The Ombudsman early this year ordered Binay’s suspension for six months because of his alleged involvement in the anomalous bidding and construction of Makati City Hall Building 2.
The suspension, however, was stopped by the CA, prompting the Ombudsman to elevate the issue to the SC.
Binay had invoked the Aguinaldo condonation doctrine in contesting the Ombudsman’s preventive suspension order.
The Ombudsman later issued a second suspension over a complaint over the allegedly anomalous bidding for and construction of the Makati City Science High School.
Morales eventually ordered Binay’s dismissal over the Makati City Hall Building 2 case, which the mayor also questioned on appeal.
The High Court, however, said the CA should dismiss Binay’s petition questioning the legality of his preventive suspension for being moot because the Ombudsman has already dismissed and perpetually disqualified him from government service in October.
“Considering that the Ombudsman, on October 9, 2015, had already found Binay Jr administratively liable and imposed upon him the penalty of dismissal, which carries the accessory penalty of perpetual disqualification from holding public office, for the present administrative charges against him, the CA petition ought to be dismissed on the ground of mootness,” the SC decision read.
The High Tribunal also struck down as unconstitutional Section 14 of Republic Act (RA) 6770 or the Ombudsman Act.
The section states, “No writ of injunction shall be issued by any court to delay an investigation being conducted by the Ombudsman under this Act, unless there is a prima facie evidence that the subject matter of the investigation is outside the jurisdiction of the Office of the Ombudsman.”

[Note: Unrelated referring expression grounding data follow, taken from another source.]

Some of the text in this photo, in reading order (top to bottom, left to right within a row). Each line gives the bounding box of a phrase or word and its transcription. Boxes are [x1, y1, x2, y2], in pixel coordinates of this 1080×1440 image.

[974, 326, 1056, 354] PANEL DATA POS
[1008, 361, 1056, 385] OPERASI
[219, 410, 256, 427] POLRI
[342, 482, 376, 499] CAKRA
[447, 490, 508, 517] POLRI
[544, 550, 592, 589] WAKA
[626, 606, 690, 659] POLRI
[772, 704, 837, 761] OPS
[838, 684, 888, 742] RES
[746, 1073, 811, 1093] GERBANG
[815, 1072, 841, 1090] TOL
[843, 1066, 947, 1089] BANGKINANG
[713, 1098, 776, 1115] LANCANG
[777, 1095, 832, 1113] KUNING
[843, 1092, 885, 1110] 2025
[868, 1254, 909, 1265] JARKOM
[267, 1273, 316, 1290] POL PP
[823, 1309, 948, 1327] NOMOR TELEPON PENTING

Section 14 further reads, “No court shall hear any appeal or application for remedy against the decision or findings of the Ombudsman, except the Supreme Court, on pure question of law.”

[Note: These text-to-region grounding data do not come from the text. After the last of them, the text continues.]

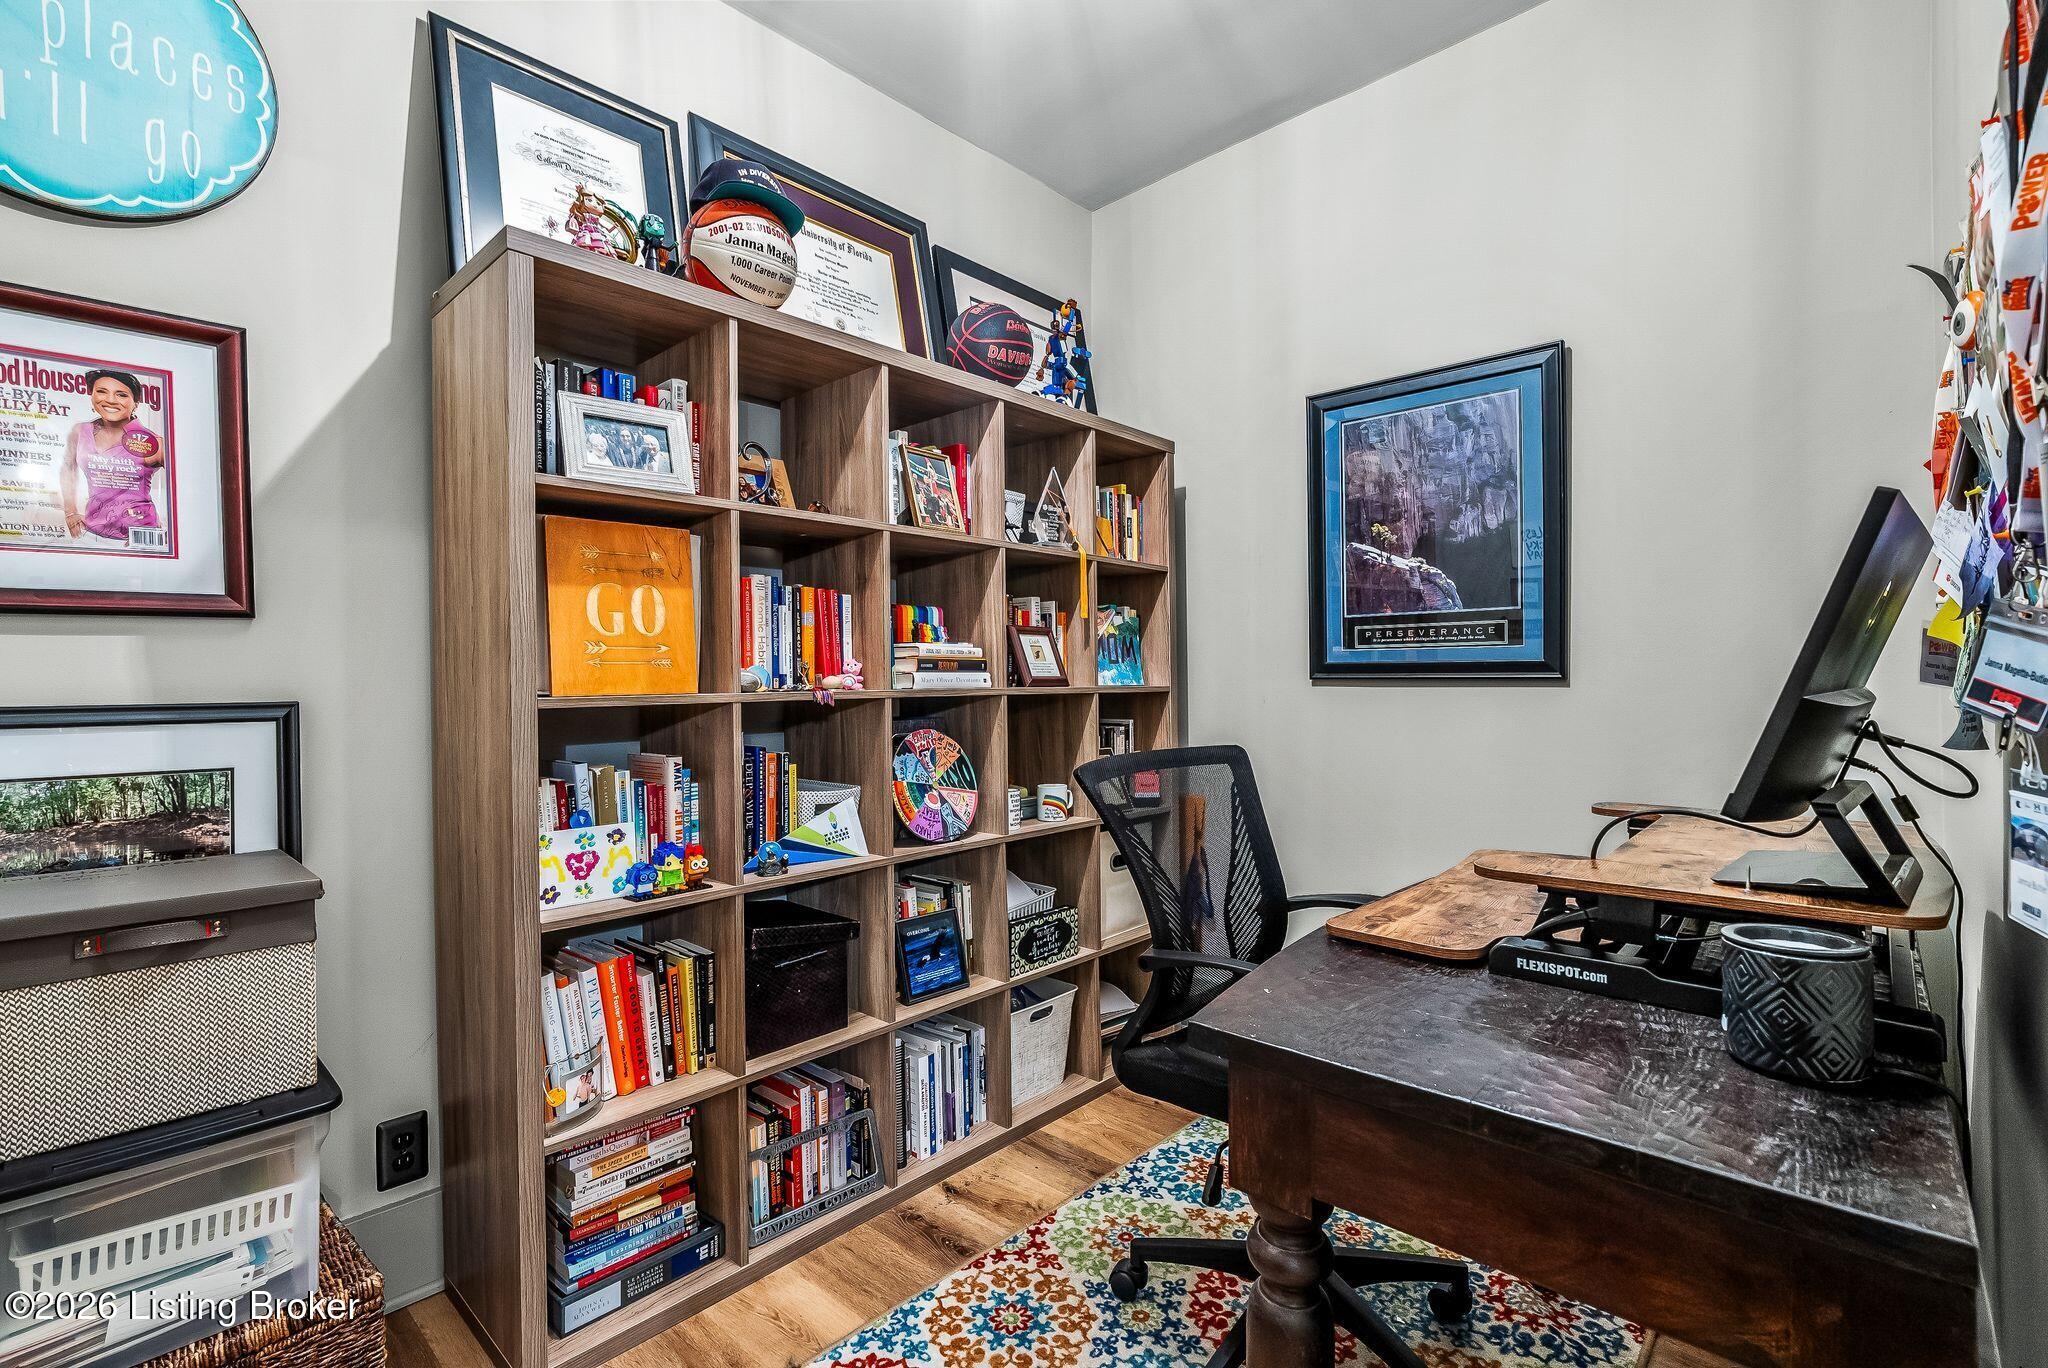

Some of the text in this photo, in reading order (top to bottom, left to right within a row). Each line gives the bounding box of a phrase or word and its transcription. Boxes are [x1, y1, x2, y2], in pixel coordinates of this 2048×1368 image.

[40, 0, 246, 113] places
[0, 69, 201, 184] 'll go
[2010, 152, 2048, 232] POWER
[708, 222, 744, 237] 2001-02
[725, 233, 764, 253] Janna
[799, 225, 876, 263] University of Florida
[731, 255, 793, 285] 1,000 Career Points
[730, 273, 775, 298] NOVEMBER 17,
[24, 358, 161, 412] Houseng
[38, 402, 70, 416] FAT
[34, 432, 59, 441] You!
[33, 525, 65, 533] DEALS
[586, 582, 666, 637] GO
[757, 595, 765, 633] Atomic
[1365, 625, 1496, 638] PERSEVERANCE
[1929, 641, 1957, 652] POWER
[1985, 657, 2048, 685] Janna Magette-Butle
[745, 763, 753, 789] DEEP
[579, 778, 589, 810] SOAR
[674, 762, 683, 826] AWAKE JEN
[683, 777, 691, 827] SOUL DETOX
[825, 831, 849, 843] LEADERS
[1516, 957, 1608, 984] FLEXISPOT.com
[544, 986, 556, 1026] BECOMING
[586, 978, 602, 1020] PEAK
[608, 964, 616, 994] Smarter
[616, 1020, 624, 1042] Better
[629, 986, 637, 1015] GOOD
[577, 1012, 585, 1034] COLORS
[634, 1021, 639, 1032] TO
[651, 1031, 657, 1041] TO
[662, 1016, 671, 1046] LEADERSHIP
[635, 1037, 645, 1071] GREAT
[626, 1126, 648, 1137] CAPTAIN'S
[648, 1118, 671, 1129] LEADERSHIP
[577, 1140, 630, 1164] StrengthsQuest
[597, 1164, 607, 1172] THE
[608, 1158, 622, 1167] SPEED
[631, 1148, 647, 1158] TRUST
[600, 1156, 665, 1188] HIGHLY EFFECTIVE PEOPLE
[770, 1172, 778, 1205] HOLLANDER
[577, 1195, 645, 1226] The Effective Executive
[617, 1212, 655, 1231] LEARNING
[664, 1201, 682, 1211] LEAD
[630, 1212, 675, 1236] FIND YOUR WHY
[755, 1204, 820, 1242] DAVIDSON
[610, 1238, 644, 1256] Learning
[655, 1222, 680, 1238] LEAD
[627, 1264, 664, 1284] LEARNING
[627, 1288, 642, 1298] TEAM

In its decision, the SC said the provision should be declared ineffective because Congress did not consult the High Court when it was approved.
In its petition, the Ombudsman’s office, through the Office of the Solicitor General, insisted that while the CA may have jurisdiction over a petition for certiorari filed by Binay with the appellate court contesting his preventive suspension, it does not have authority to issue any writ of restraint over the Ombudsman’s preventive suspension, under Section 14, Paragraph 1 of RA 6770.
With the ruling, the SC stuck with a previous decision penned by the late Senior Associate Justice Florenz Regalado that all administrative cases handled by the Ombudsman shall be reviewed by the appellate court on issues of “grave abuse of discretion” citing the case of Fabian vs Desierto.
The SC also ruled to strike down the condonation doctrine, which became part of Philippine jurisprudence in 1959 when, in a ruling, it stated that an elected official can be cleared from past administrative liability if he gets reelected.
It clarified, however, that the abandonment of the doctrine would be “prospective,” meaning it would only be applied to future cases.
The court was divided 7-3 on this issue.
“The condonation doctrine is abandoned , but the abandonment is prospective in effect,” the decision read.
The minority, however, believe that the issue of condonation should not be touched since the only issue pending in the SC is the issue on the powers of the CA to review administrative cases ruled on by the Ombudsman.
The Aguinaldo Doctrine was one borrowed from American jurisprudence dating back to 1887.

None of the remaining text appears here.